LINCOLN, Abraham. Autograph telegram signed ("A Lincoln") as President, to LIEUTENANT GENERAL ULYSSES S. GRANT, City Point, Virginia, 29 March 1865. 1 page, 8vo (7 7/16 x 5 7/16 in.), U.S. Military Telegraph stationery, small paper loss at lower left corner, minor browning, small stain affecting two letters, neatly hinged to a separate leaf.
"FROM WHAT DIRECTION DID THE ENEMY COME?": LINCOLN ANXIOUSLY AWAITS NEWS OF THE FINAL MILITARY OPERATIONS OF THE WAR
A hurriedly written note which reveals the President's anxiety over the military operations which would very soon bring the Civil War to a close. As a Union victory became increasingly imminent, President Lincoln decided to join his General-in-Chief at the front to witness the last days of the conflict. Remaining at City Point, a safe distance from the front at Petersburg, Lincoln relied upon incoming telegrams and messages from Grant for news of the most recent developments. One day after his arrival, Lincoln was informed that an early morning Confederate attack at Fort Stedman--Lee's last offensive, in fact--had briefly broken the Union lines (see preceding lot). The President, no doubt, was as surprised as his commanders that the nearly defeated southern foe were still able to launch a large-scale attack and was concerned that more unexpected offensive actions might still take place.
Grant had begun preparations for a major attack against the Confederate right at Five Forks and the vital South Side railroad, to cut the last remaining rail supply line of the Army of Northern Virginia, which would force Lee to abandon the Petersburg defenses. Once his dwindling foe had left their trenches, Grant had no doubt that he could end the war in only a matter of days.
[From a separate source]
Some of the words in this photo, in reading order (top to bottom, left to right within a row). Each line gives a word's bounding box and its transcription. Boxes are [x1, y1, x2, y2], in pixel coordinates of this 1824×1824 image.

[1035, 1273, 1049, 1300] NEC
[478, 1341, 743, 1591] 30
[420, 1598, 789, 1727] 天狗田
He placed General Philip Sheridan in command of the operation and his trusted subordinate began moving his men toward the Confederate right on the 29th.
As the veteran Union soldiers departed their camps at Dinwiddie Court House, beginning the operation which would bring them one step closer to the end of the war, the wary Confederates cautiously probed forward to determine their intentions. These advance Confederate forces struck the intrenched line of General Charles Griffin's Division. The resulting brief skirmish had no impact upon the Union movement and Grant routinely reported the event to Lincoln: "The enemy attacked Griffin Div...near where the Quaker road intersects Boydtown road about 4 p.m. The enemy were repulsed" (Basler, 8:377n).
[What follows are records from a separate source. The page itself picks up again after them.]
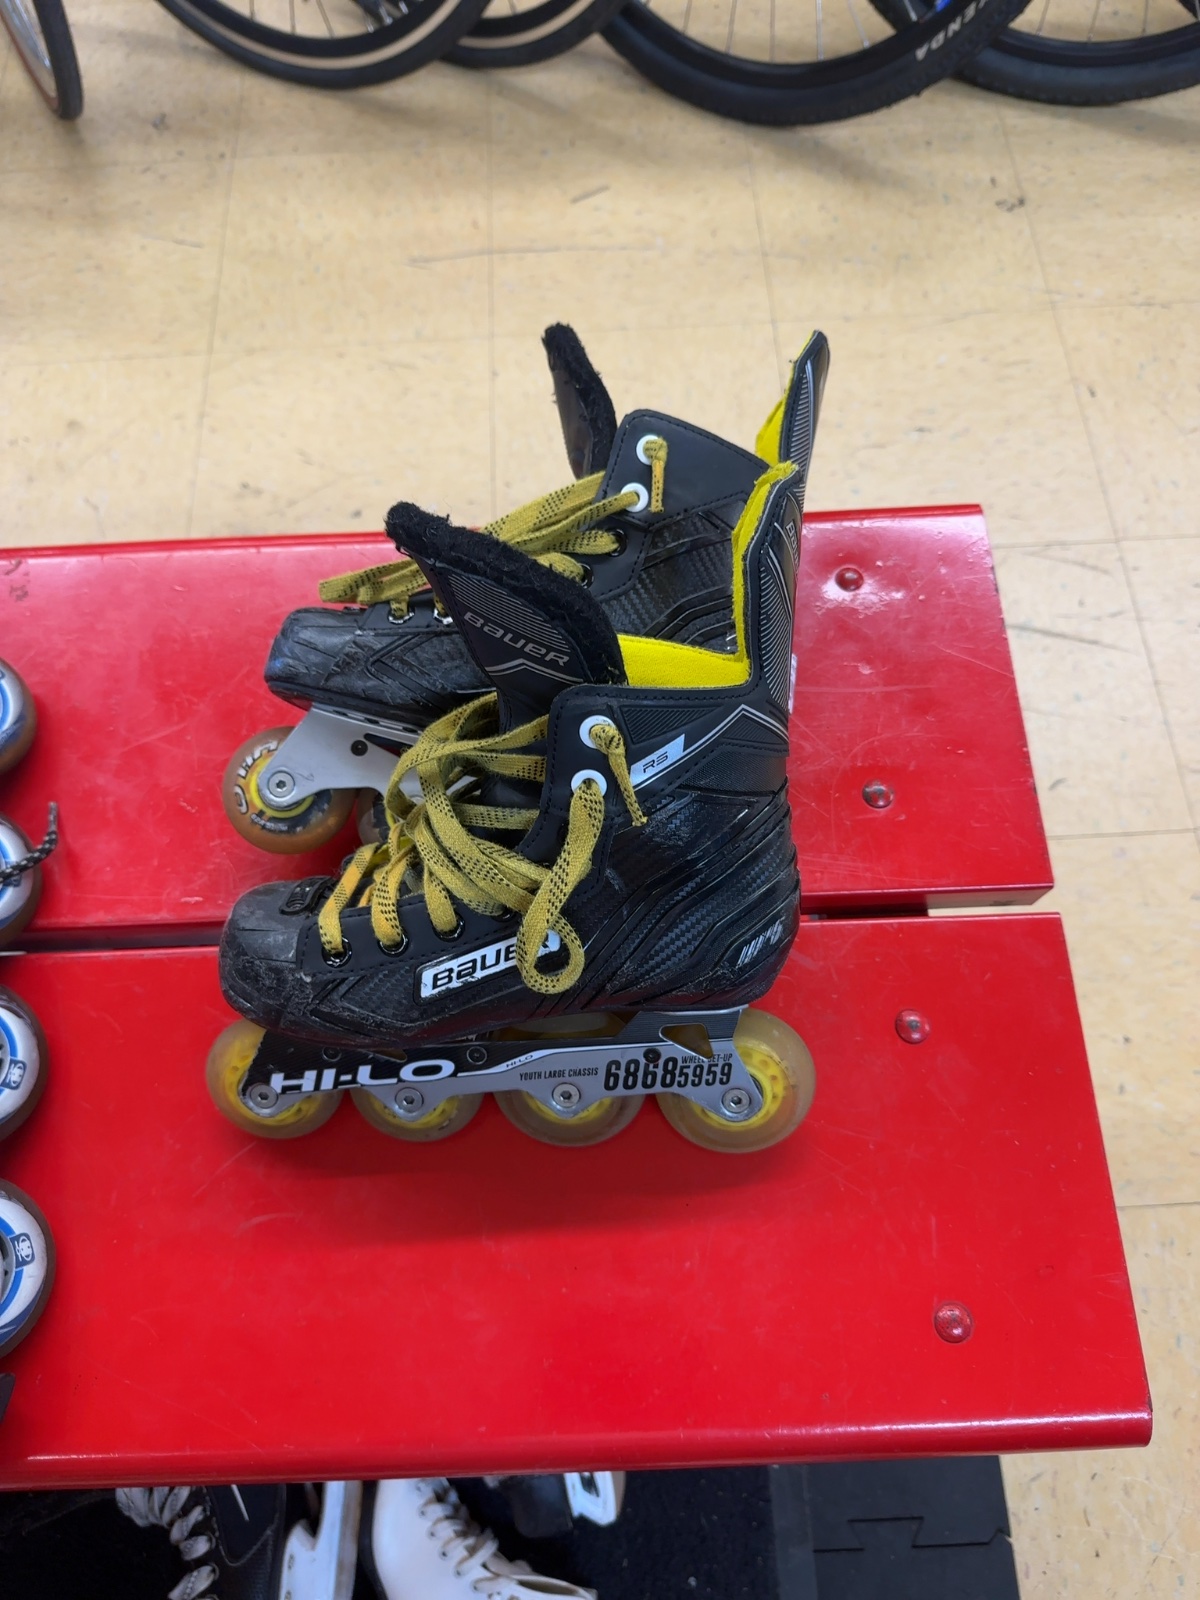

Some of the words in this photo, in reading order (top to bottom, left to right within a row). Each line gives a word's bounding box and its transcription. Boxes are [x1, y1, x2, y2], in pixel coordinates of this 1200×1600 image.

[642, 751, 668, 773] RS
[432, 940, 549, 990] BAUE
[506, 1054, 533, 1068] HI-LO
[269, 1059, 455, 1093] HI-LO
[520, 1071, 543, 1081] YOUTH
[544, 1069, 567, 1079] LARGE
[568, 1067, 599, 1078] CHASSIS
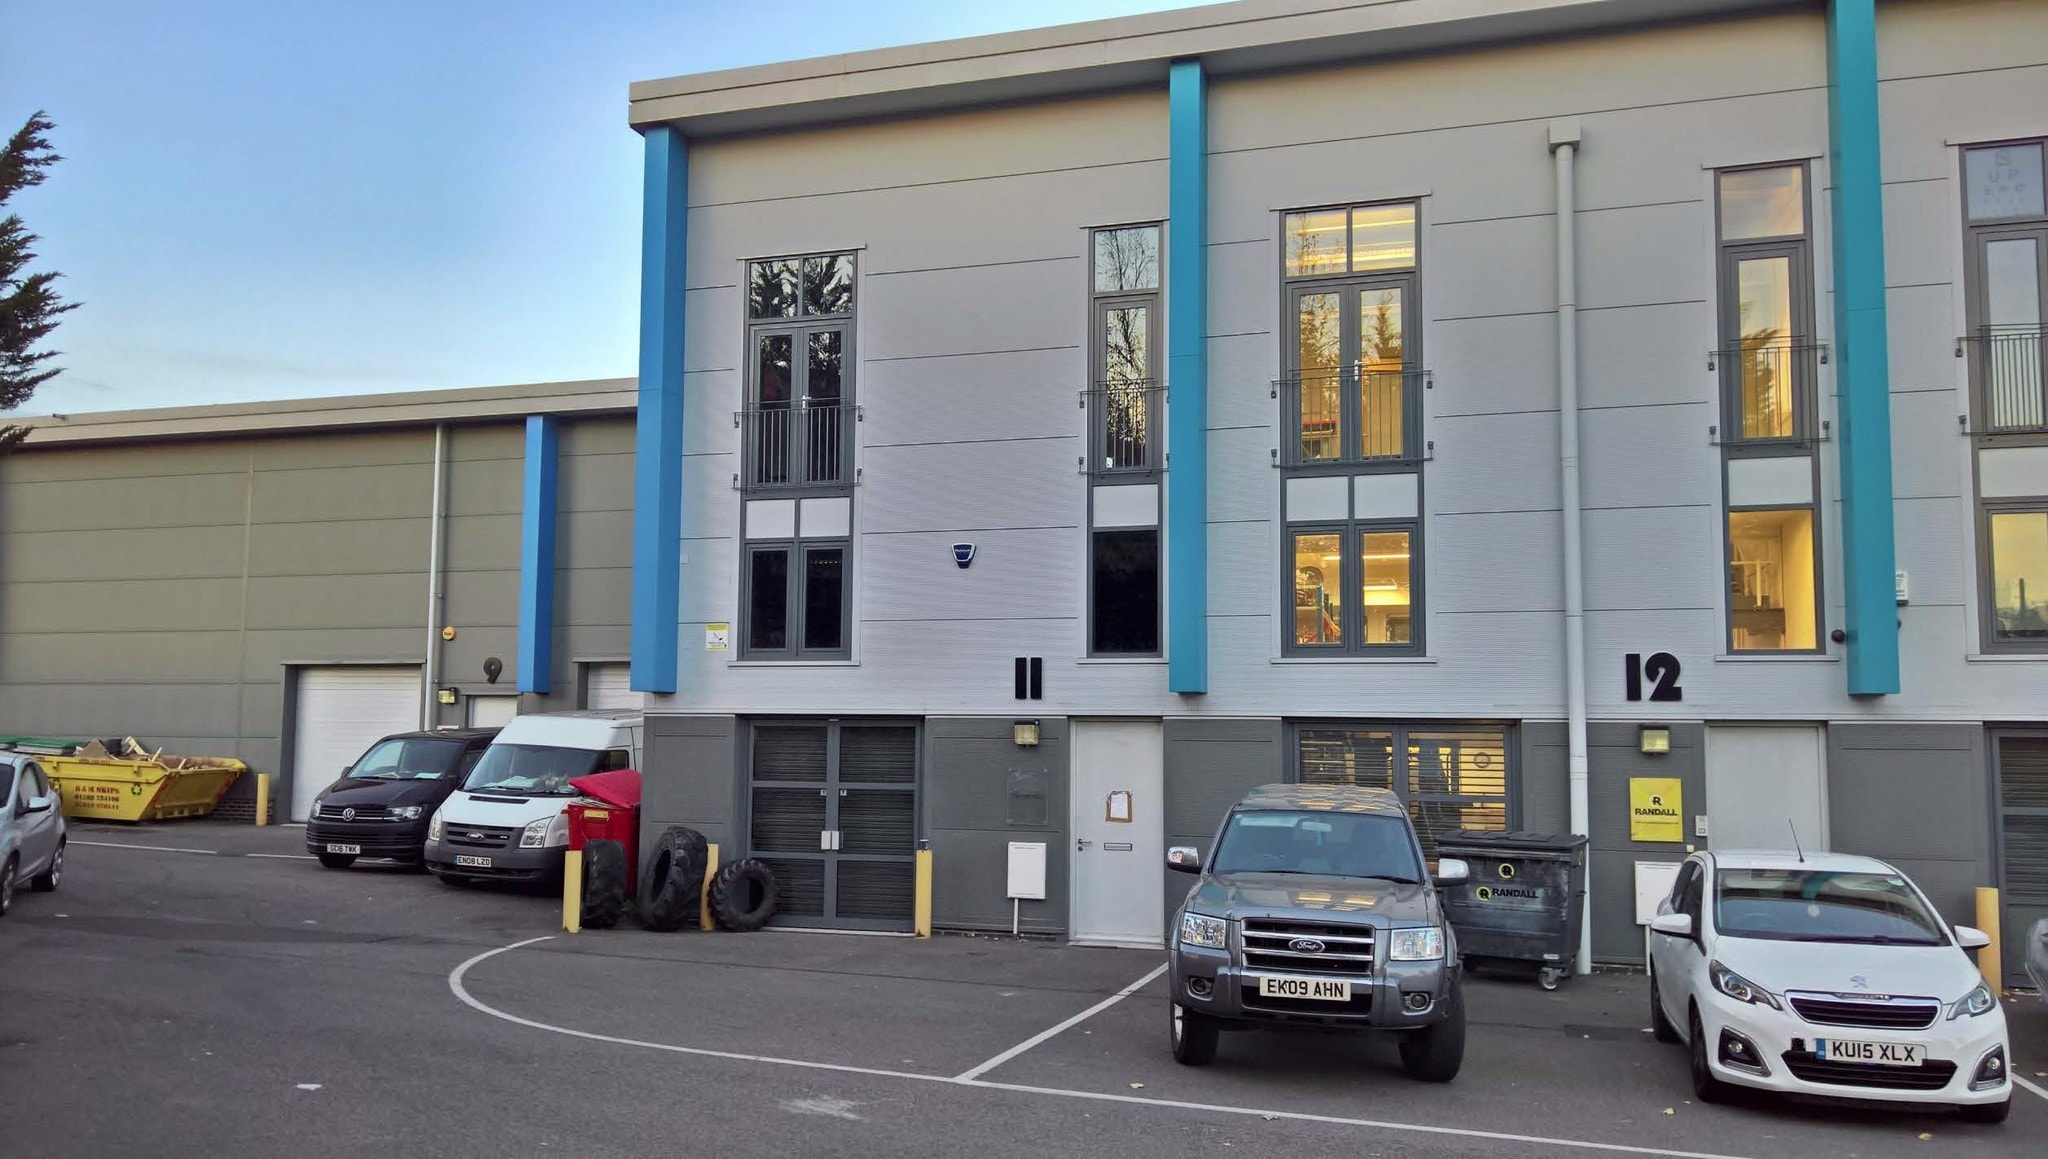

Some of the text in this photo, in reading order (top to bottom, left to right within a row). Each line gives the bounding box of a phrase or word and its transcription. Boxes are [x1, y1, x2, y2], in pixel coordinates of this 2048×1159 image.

[484, 657, 503, 684] 9
[1015, 657, 1042, 700] 11
[1625, 652, 1682, 701] 12
[1652, 796, 1662, 806] R
[1634, 808, 1679, 816] RANDALL
[1492, 888, 1540, 899] RANDALL
[1297, 941, 1319, 950] Ford
[1267, 979, 1344, 998] EK09 AHN
[1832, 1041, 1915, 1062] KU15 XLX
At City Point, Lincoln was patiently awaiting the outcome of General Grant's latest efforts, and news of the skirmish caused him concern, especially in the wake of the Fort Stedman attack just days before. Anxious to determine whether the Confederates were mounting a new offensive, and concerned for its impact upon Sheridan's movements, Lincoln tersely requests additional details from Grant: "Your three dispatches received. From what direction did the enemy come that attacked Griffin? How do things look now?"
Grant promptly responded to Lincoln with details which reassured the watchful President. Three days later, after delays due to inclement weather, Sheridan's force struck the division of George Pickett at Five Forks, decimating it. Grant struck again on April 2, launching a massive assault along the line which successfully penetrated the Confederate defenses, ensuring Lee would have to abandon his entrenchments and the capital, Richmond. Only a few days before, such an outcome had appeared uncertain.
Published and illustrated in C. Sandburg, Lincoln Collector, pp. 195-196, and in Basler 8:376.
Provenance: Oliver R. Barrett; Roger W. Barrett, by descent (sale, Sotheby's, 26 October 1988, lot 128).